Segment Start: Available data

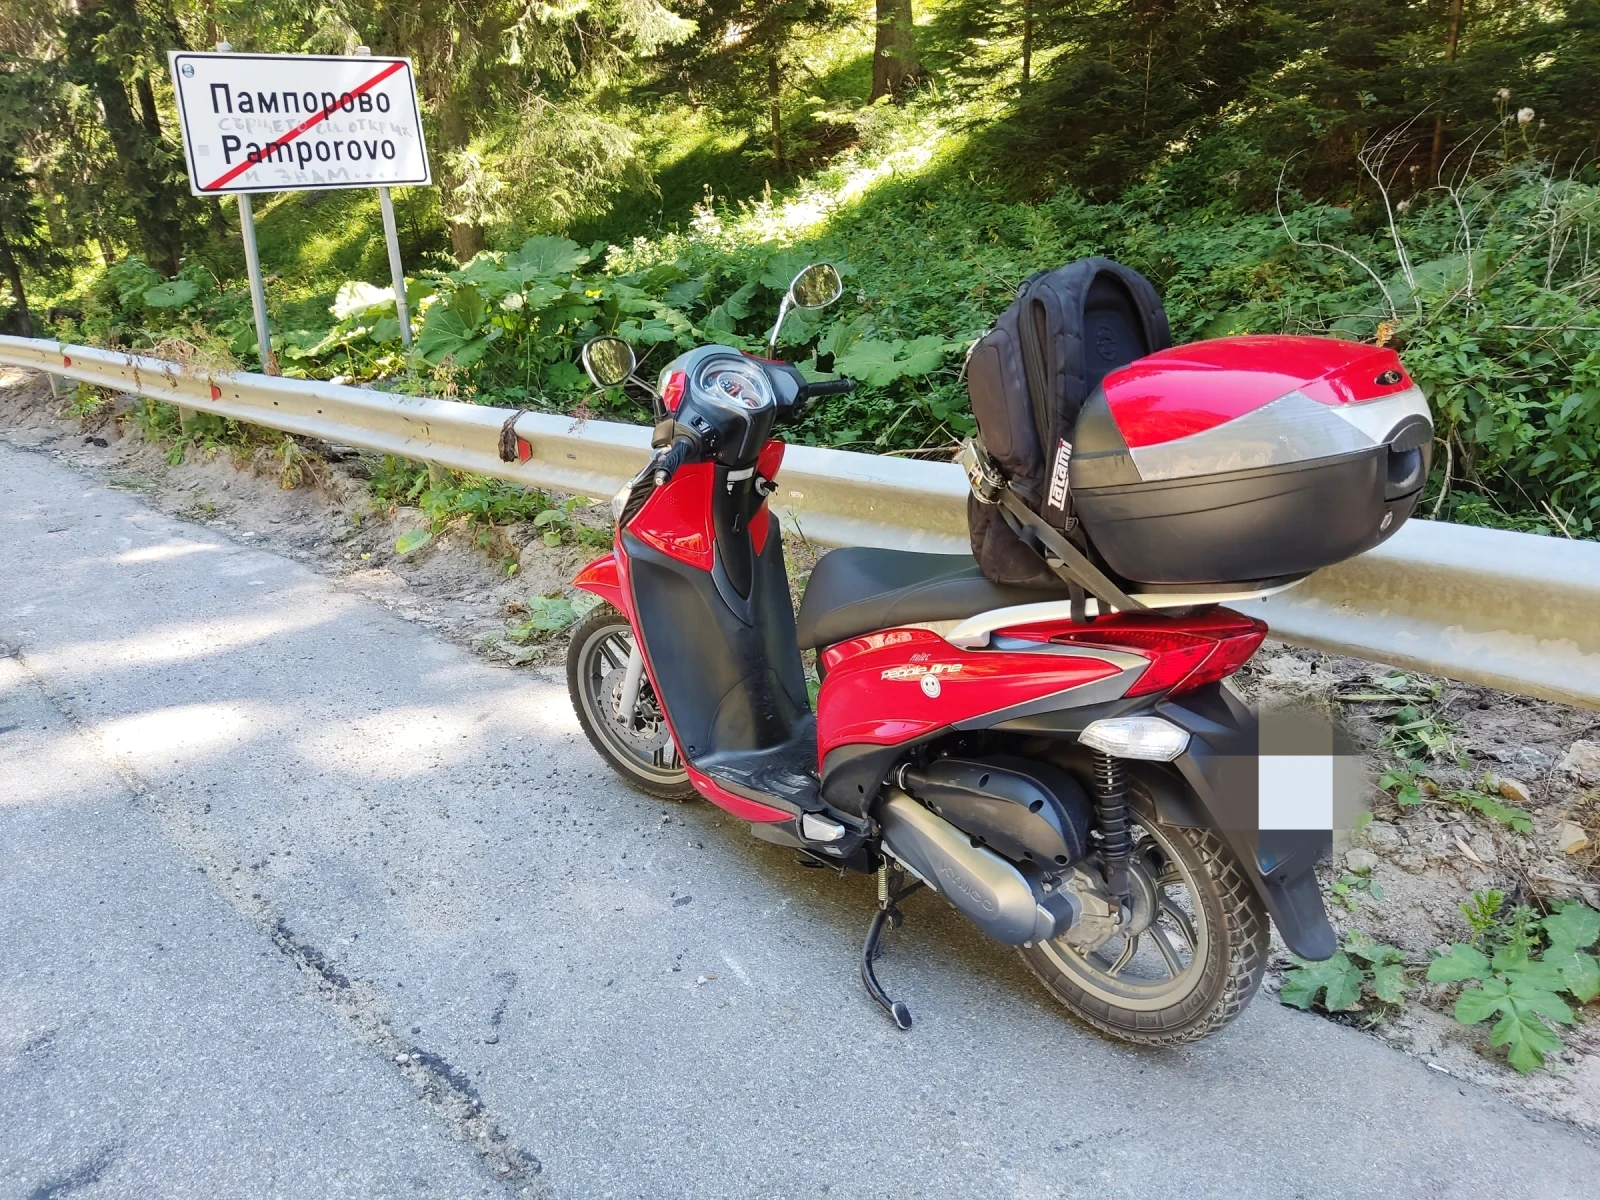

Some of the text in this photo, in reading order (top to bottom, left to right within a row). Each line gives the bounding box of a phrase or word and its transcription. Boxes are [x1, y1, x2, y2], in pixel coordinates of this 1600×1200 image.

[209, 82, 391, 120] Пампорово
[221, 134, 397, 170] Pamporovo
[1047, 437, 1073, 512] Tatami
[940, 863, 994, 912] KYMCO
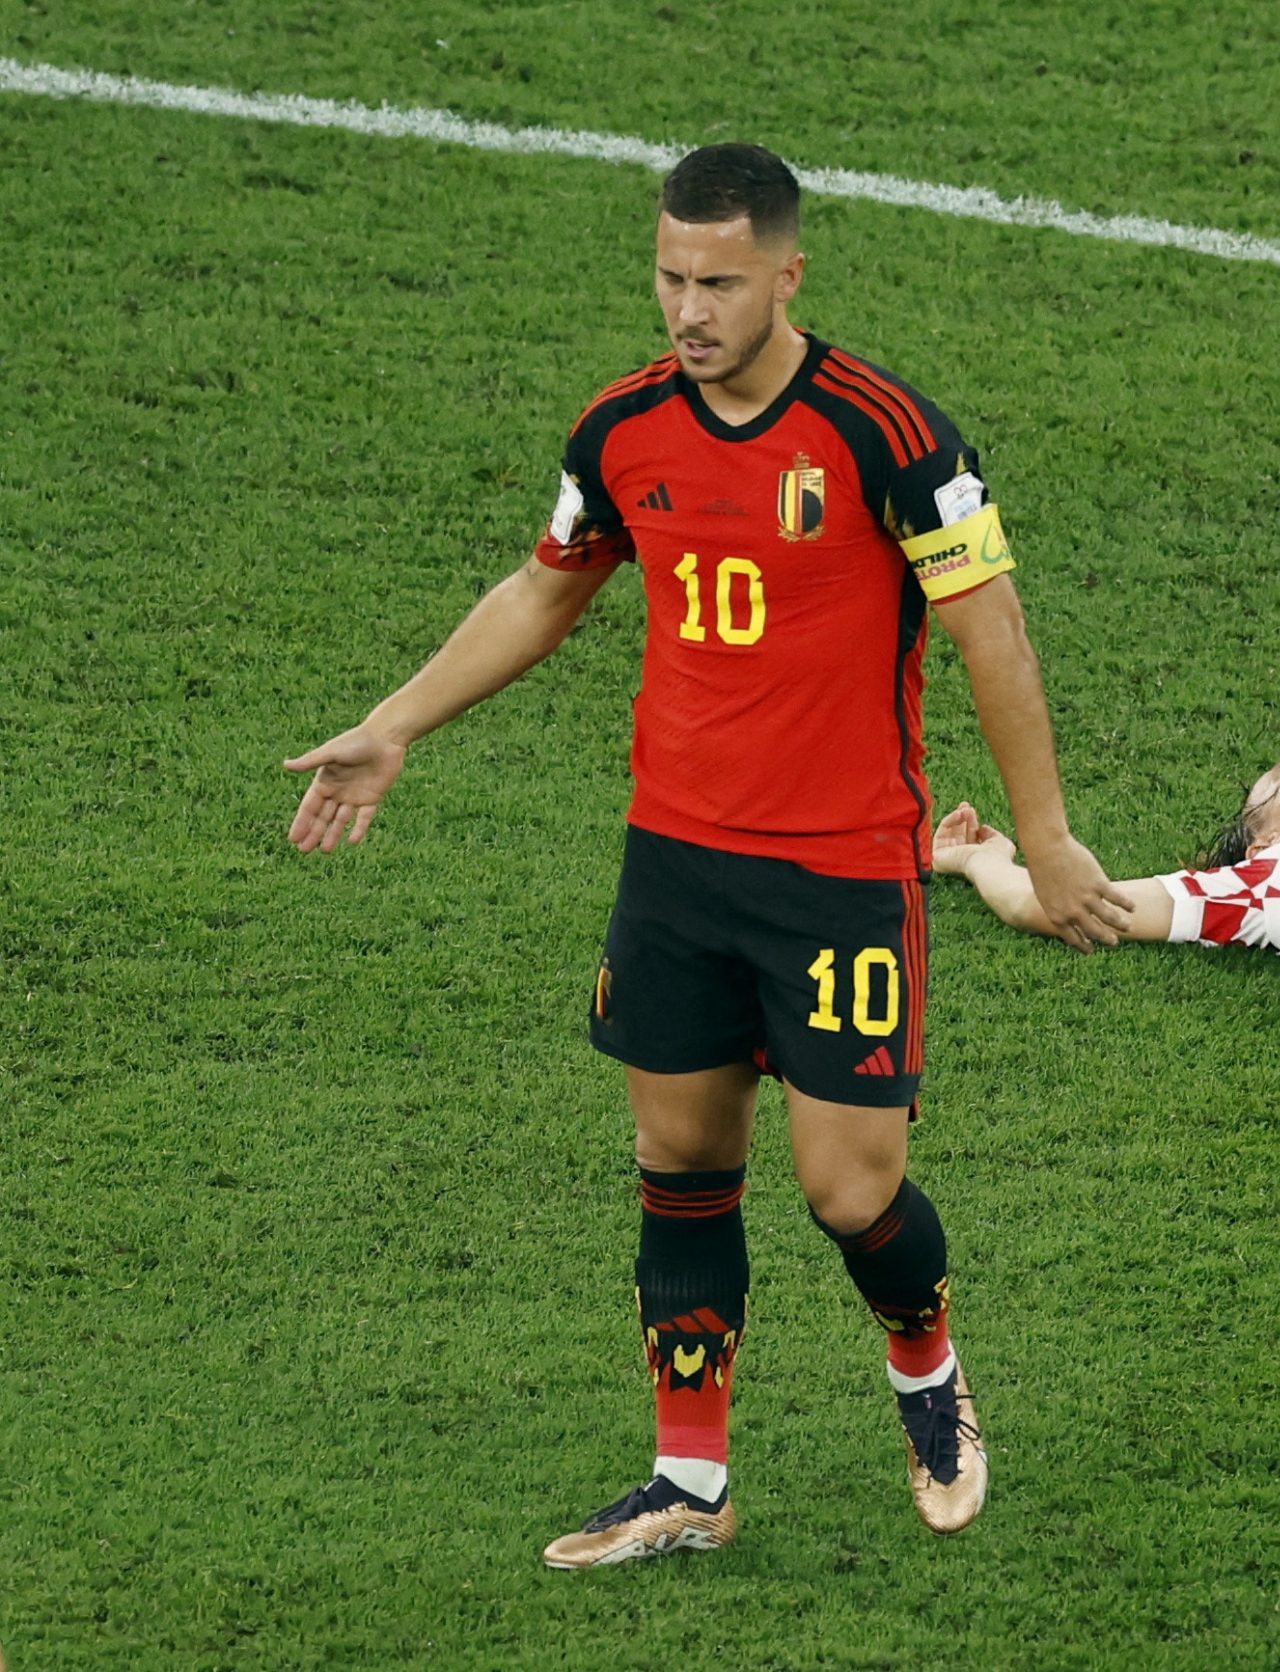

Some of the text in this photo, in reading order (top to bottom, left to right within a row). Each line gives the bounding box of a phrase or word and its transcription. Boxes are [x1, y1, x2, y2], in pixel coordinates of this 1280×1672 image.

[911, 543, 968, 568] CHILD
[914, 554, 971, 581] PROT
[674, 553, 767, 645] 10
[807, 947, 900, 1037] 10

Segment End: Available data

→ Exercise requirements
Could you output every record above exactly as it appears, without the pictures?

→ Exercise output
Some of the text in this photo, in reading order (top to bottom, left to right within a row). Each line gives the bounding box of a phrase or word and its transcription. Boxes are [x1, y1, x2, y2], in pixel coordinates of this 1600×1200 image.

[209, 82, 391, 120] Пампорово
[221, 134, 397, 170] Pamporovo
[1047, 437, 1073, 512] Tatami
[940, 863, 994, 912] KYMCO

Some of the text in this photo, in reading order (top to bottom, left to right within a row). Each line gives the bounding box of a phrase or word and its transcription. Boxes are [x1, y1, x2, y2], in pixel coordinates of this 1280×1672 image.

[911, 543, 968, 568] CHILD
[914, 554, 971, 581] PROT
[674, 553, 767, 645] 10
[807, 947, 900, 1037] 10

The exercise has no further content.